A major contributing factor to ATL failures is the heterogeneity of TLE itself. One prominent hypothesis is that the distribution and organization of the epileptic network—rather than the precise location of a single seizure focus—determines surgical success. In this framework, the seizure onset zone may extend across multiple brain regions.

Network-based analyses using MRI, diffusion tensor imaging (DTI), functional MRI (fMRI), and EEG have deepened understanding of epilepsy as a network-level pathology. Graph-theoretic approaches treat brain regions as nodes and their structural or functional connections as edges, enabling assessment of both local and global network properties.
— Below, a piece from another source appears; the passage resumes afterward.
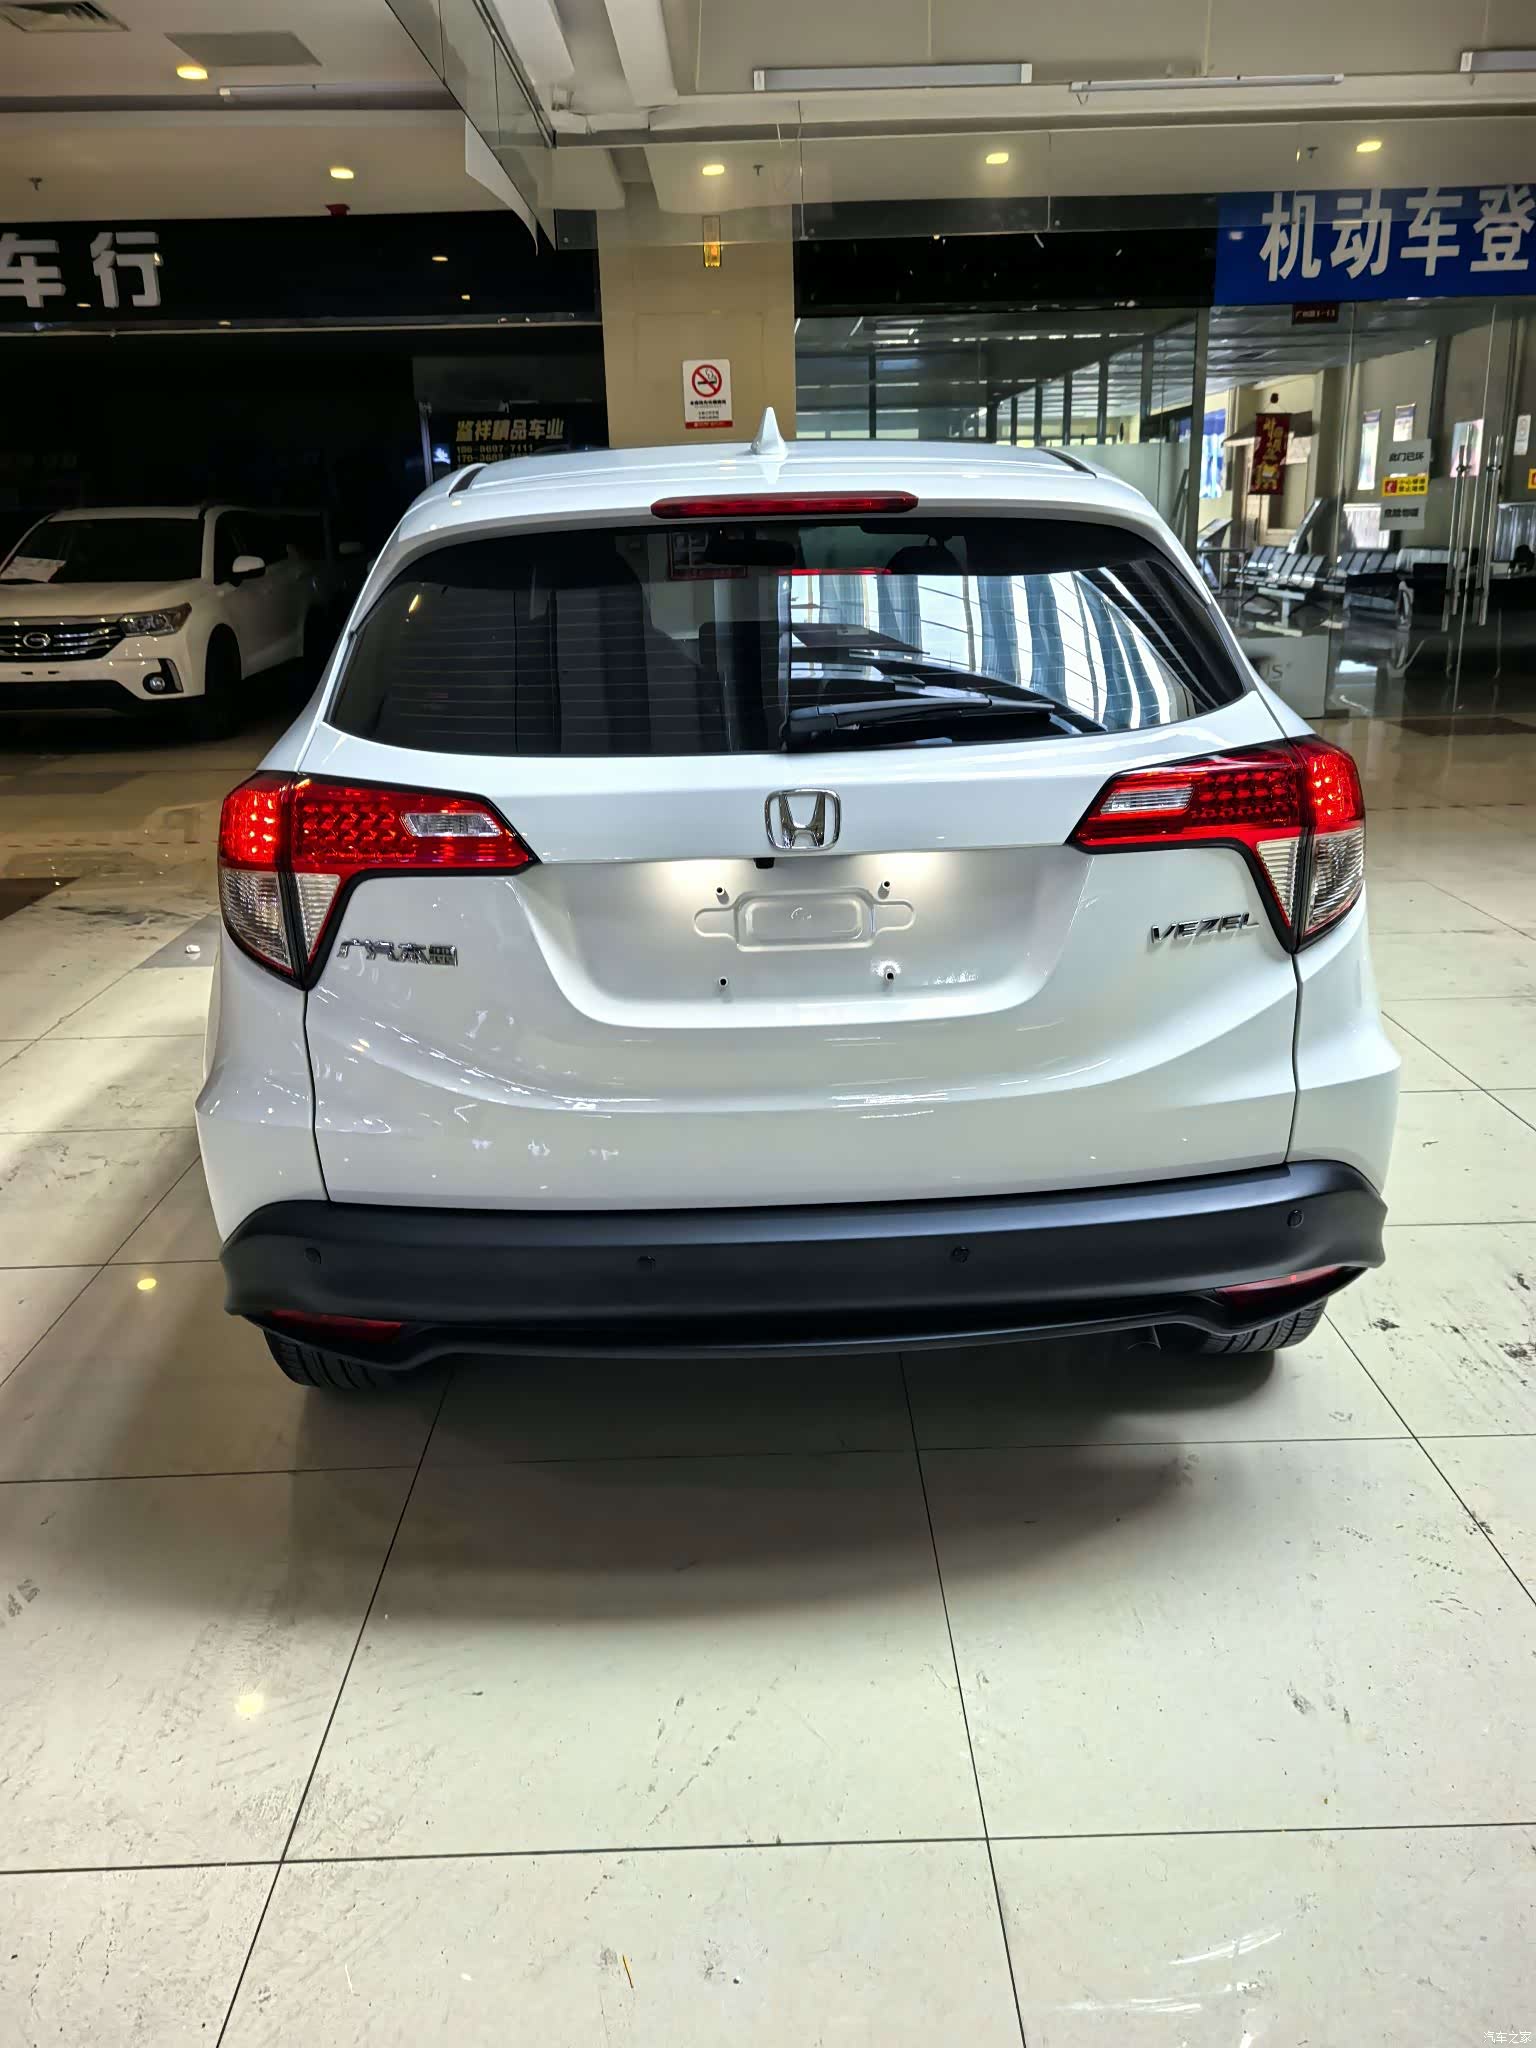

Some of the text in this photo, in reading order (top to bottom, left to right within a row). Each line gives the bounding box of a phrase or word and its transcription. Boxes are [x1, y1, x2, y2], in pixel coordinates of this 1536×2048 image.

[0, 231, 163, 308] 车行
[1259, 185, 1536, 282] 机动车登
[1149, 912, 1260, 944] VEZEL
Recent resting-state fMRI research has shown that unilateral TLE patients with good surgical outcomes exhibited highly integrated networks, whereas TLE patients with poor outcomes showed more segregated networks. 12 Similar findings have emerged from diffusion-weighted imaging: high network segregation and reduced hub connectivity predict poor response to ATL. 13 Together, these studies support the model that distributed, highly segregated networks are associated with poorer outcomes after resective surgery.
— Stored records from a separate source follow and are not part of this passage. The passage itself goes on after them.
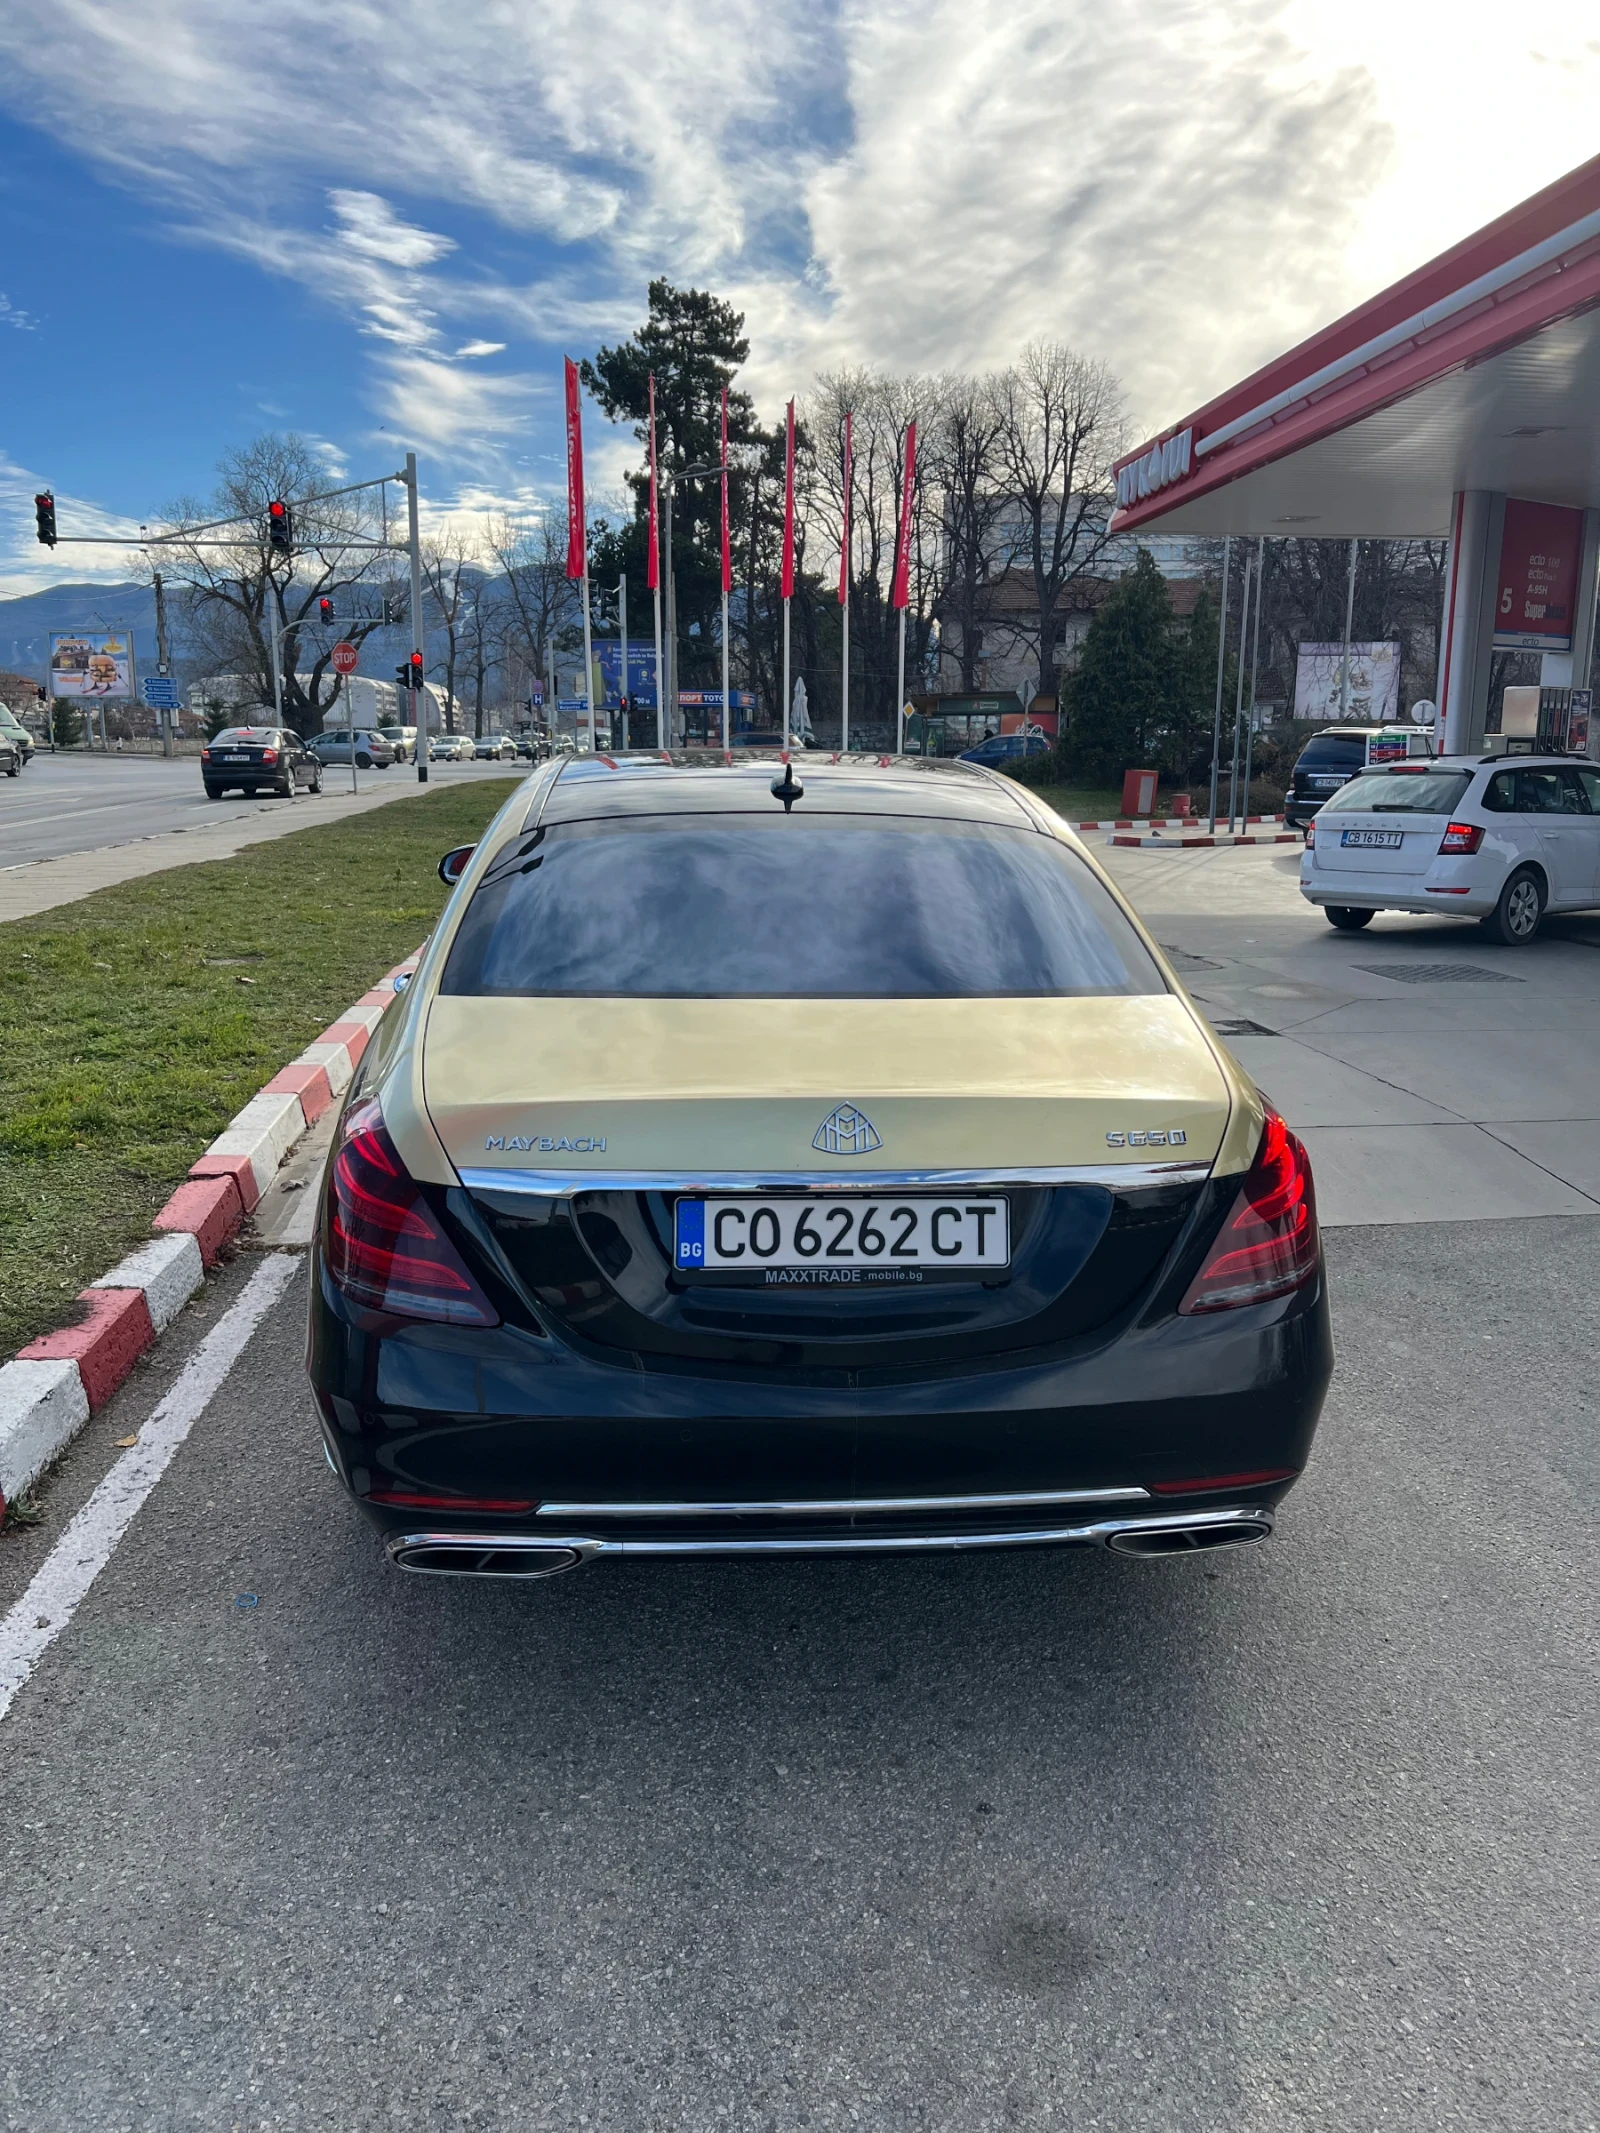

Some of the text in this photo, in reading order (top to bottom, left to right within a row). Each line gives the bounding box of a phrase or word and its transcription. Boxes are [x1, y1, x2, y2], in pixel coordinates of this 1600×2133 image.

[1529, 554, 1545, 566] ecto
[1527, 568, 1544, 580] ecto
[1501, 587, 1512, 613] 5
[1525, 600, 1546, 620] Super
[334, 653, 355, 664] STOP
[534, 694, 542, 704] H
[1348, 832, 1400, 844] CB 1615 TT
[484, 1135, 607, 1152] MAYBACH
[714, 1206, 997, 1258] CO 6262 CT
[680, 1242, 702, 1258] BG
[765, 1270, 861, 1283] MAXXTRADE
Studies integrating diffusion imaging with intracranial EEG demonstrate that structure-function coupling may serve as a biomarker of surgical success.14,15 While much of the focus has been on gray matter alone, emerging evidence suggests that white matter intracranial EEG recordings reflect activity from unsampled gray matter regions, and that increased white matter functional connectivity predicts poorer outcomes after laser ablation. 16 Additional research shows that focal limbic microstructural abnormalities predict good outcomes after destructive surgery in unilateral TLE, while bilateral or distributed abnormalities are linked to poorer outcomes. 17

Neuropsychological “Success” Versus “Failure” Following ATL

A neuropsychologically successful ATL is one in which the neuropsychological outcome of the procedure aligns with (or is better than) the predicted outcome of the procedure. Viewed in this light, postoperative neuropsychological declines need not represent failures, so long as they were anticipated, counseled for, and understood by the surgical candidate prior to the procedure. Many individuals will accept a degree of cognitive change postoperatively in pursuit of seizure freedom (though if these neuropsychological “costs” occur in the absence of a meaningful change in seizure control, the so-called “double hit”; this can lead to a significant deterioration in quality of life). 18 “Failure” can therefore be defined as an adverse neuropsychological outcome that was unanticipated, or had been considered a very low probability prior to the procedure.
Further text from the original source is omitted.